- Your instructions: Would you repeat the listing exactly but omit every picture?

- Data for processing:

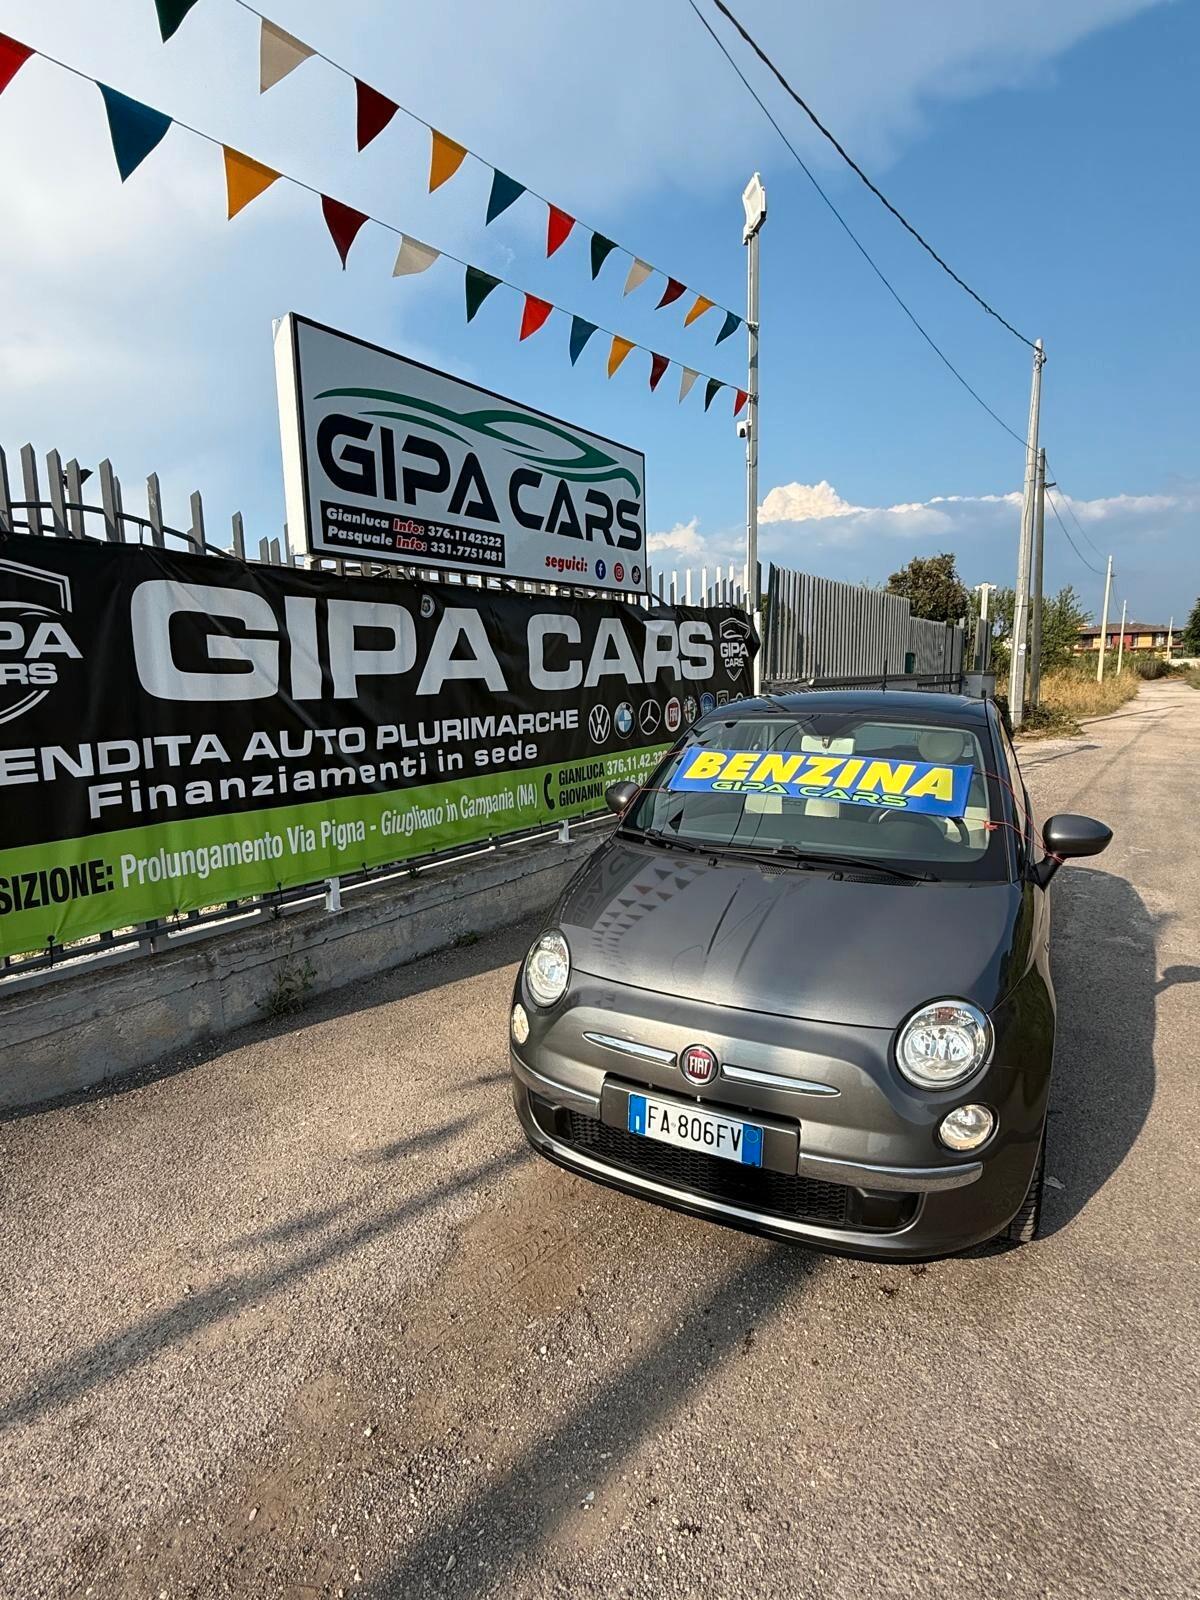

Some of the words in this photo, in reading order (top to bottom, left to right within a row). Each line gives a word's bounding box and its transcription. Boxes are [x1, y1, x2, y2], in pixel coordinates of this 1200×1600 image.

[316, 413, 501, 523] GIPA
[508, 467, 642, 552] CARS
[326, 507, 389, 529] Gianluca
[393, 517, 425, 535] Info:
[427, 525, 502, 547] 376.1142322
[327, 525, 393, 546] Pasquale
[395, 535, 428, 551] Info:
[430, 541, 503, 562] 331.7751481
[544, 555, 588, 573] seguici:
[131, 579, 509, 701] GIPA
[527, 613, 715, 691] CARS
[720, 642, 749, 658] GIPA
[724, 658, 744, 668] CARS
[243, 726, 366, 761] AUTO
[376, 708, 579, 750] PLURIMARCHE
[88, 752, 427, 819] Finanziamenti
[438, 750, 464, 772] in
[474, 740, 538, 766] sede
[558, 762, 605, 786] GIANLUCA
[682, 751, 954, 802] BENZINA
[559, 782, 603, 807] GIOVANNI
[711, 780, 790, 794] GIPA
[799, 786, 909, 808] CARS
[120, 832, 283, 888] Prolungamento
[287, 824, 317, 855] Via
[320, 819, 366, 851] Pigna
[381, 804, 443, 837] Giugliano
[446, 799, 458, 820] in
[460, 787, 515, 818] Campania
[516, 783, 538, 811] (NA)
[689, 1056, 710, 1075] FIAT

- Your solution:
Some of the words in this photo, in reading order (top to bottom, left to right within a row). Each line gives a word's bounding box and its transcription. Boxes are [x1, y1, x2, y2], in pixel coordinates of this 1200×1600 image.

[316, 413, 501, 523] GIPA
[508, 467, 642, 552] CARS
[326, 507, 389, 529] Gianluca
[393, 517, 425, 535] Info:
[427, 525, 502, 547] 376.1142322
[327, 525, 393, 546] Pasquale
[395, 535, 428, 551] Info:
[430, 541, 503, 562] 331.7751481
[544, 555, 588, 573] seguici:
[131, 579, 509, 701] GIPA
[527, 613, 715, 691] CARS
[720, 642, 749, 658] GIPA
[724, 658, 744, 668] CARS
[243, 726, 366, 761] AUTO
[376, 708, 579, 750] PLURIMARCHE
[88, 752, 427, 819] Finanziamenti
[438, 750, 464, 772] in
[474, 740, 538, 766] sede
[558, 762, 605, 786] GIANLUCA
[682, 751, 954, 802] BENZINA
[559, 782, 603, 807] GIOVANNI
[711, 780, 790, 794] GIPA
[799, 786, 909, 808] CARS
[120, 832, 283, 888] Prolungamento
[287, 824, 317, 855] Via
[320, 819, 366, 851] Pigna
[381, 804, 443, 837] Giugliano
[446, 799, 458, 820] in
[460, 787, 515, 818] Campania
[516, 783, 538, 811] (NA)
[689, 1056, 710, 1075] FIAT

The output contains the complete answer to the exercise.